Distribution Estimation for Global Data Association via Approximate Bayesian Inference
Yixuan Jia, Mason B. Peterson, Qingyuan Li, Yulun Tian, Jonathan P. How
公開日: 2025/9/19
Abstract
Global data association is an essential prerequisite for robot operation in environments seen at different times or by different robots. Repetitive or symmetric data creates significant challenges for existing methods, which typically rely on maximum likelihood estimation or maximum consensus to produce a single set of associations.

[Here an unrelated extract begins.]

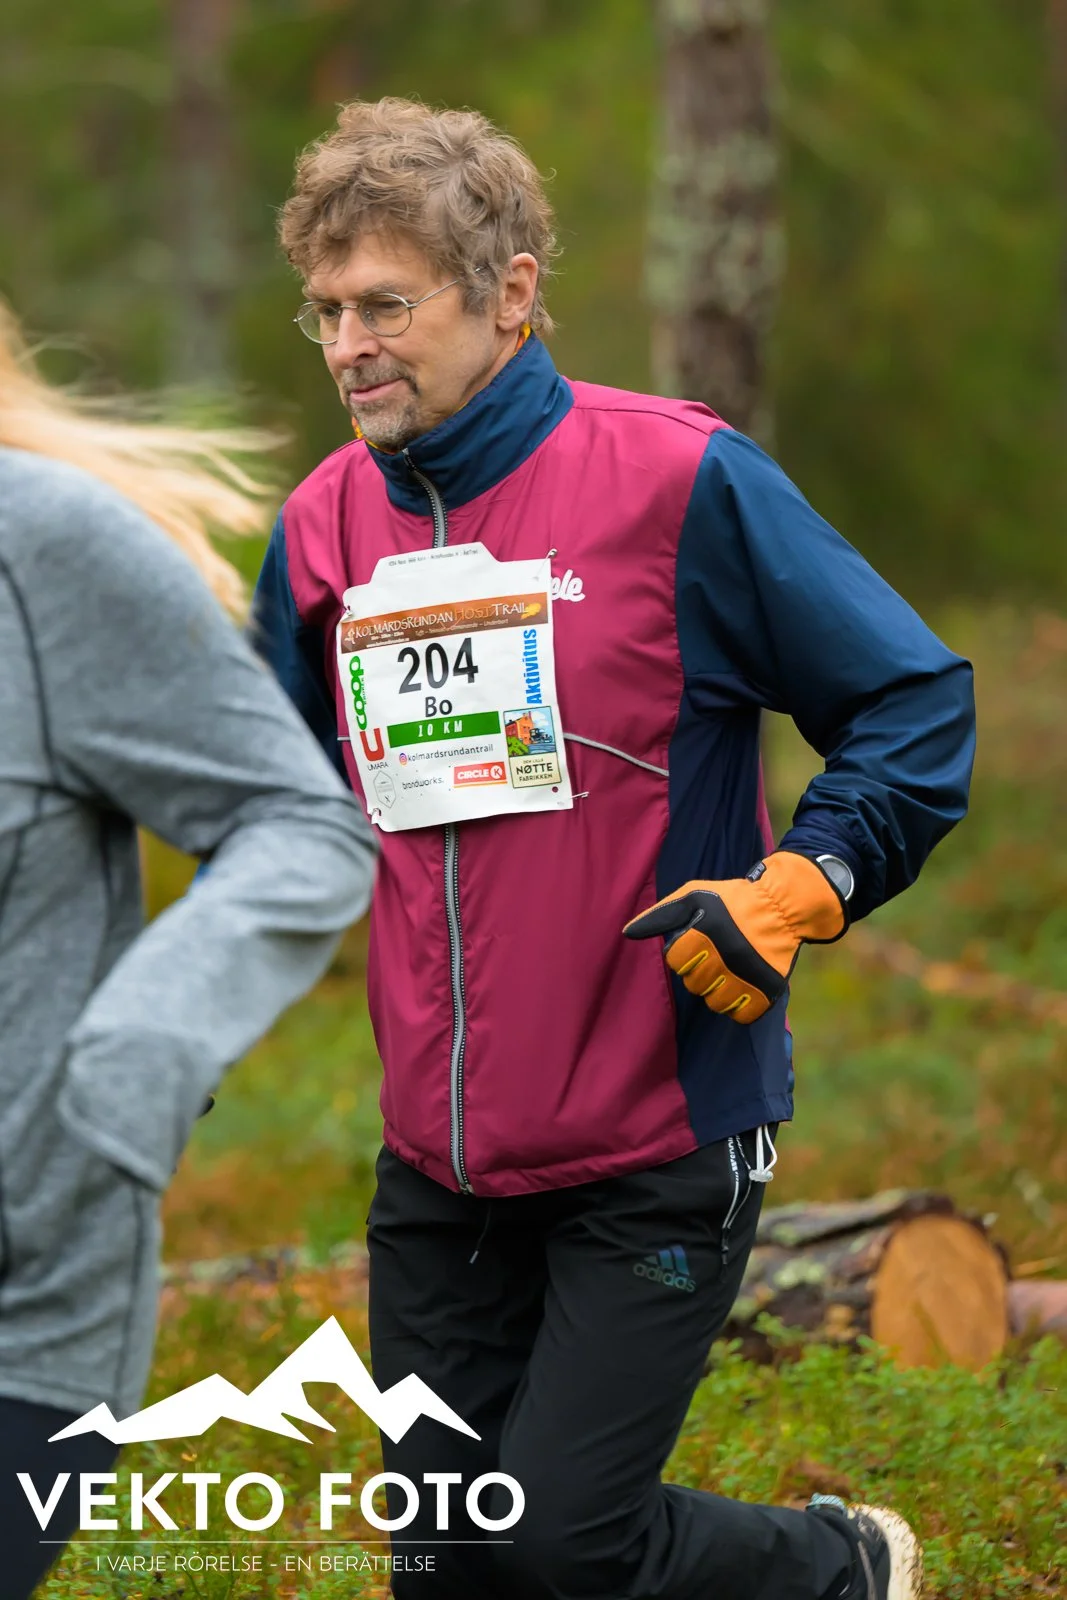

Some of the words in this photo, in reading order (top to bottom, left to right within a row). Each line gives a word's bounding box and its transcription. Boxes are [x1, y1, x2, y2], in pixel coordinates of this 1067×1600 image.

However, in ambiguous scenarios, the distribution of solutions to global data association problems is often highly multimodal, and such single-solution approaches frequently fail. In this work, we introduce a data association framework that leverages approximate Bayesian inference to capture multiple solution modes to the data association problem, thereby avoiding premature commitment to a single solution under ambiguity. Our approach represents hypothetical solutions as particles that evolve according to a deterministic or randomized update rule to cover the modes of the underlying solution distribution. Furthermore, we show that our method can incorporate optimization constraints imposed by the data association formulation and directly benefit from GPU-parallelized optimization. Extensive simulated and real-world experiments with highly ambiguous data show that our method correctly estimates the distribution over transformations when registering point clouds or object maps.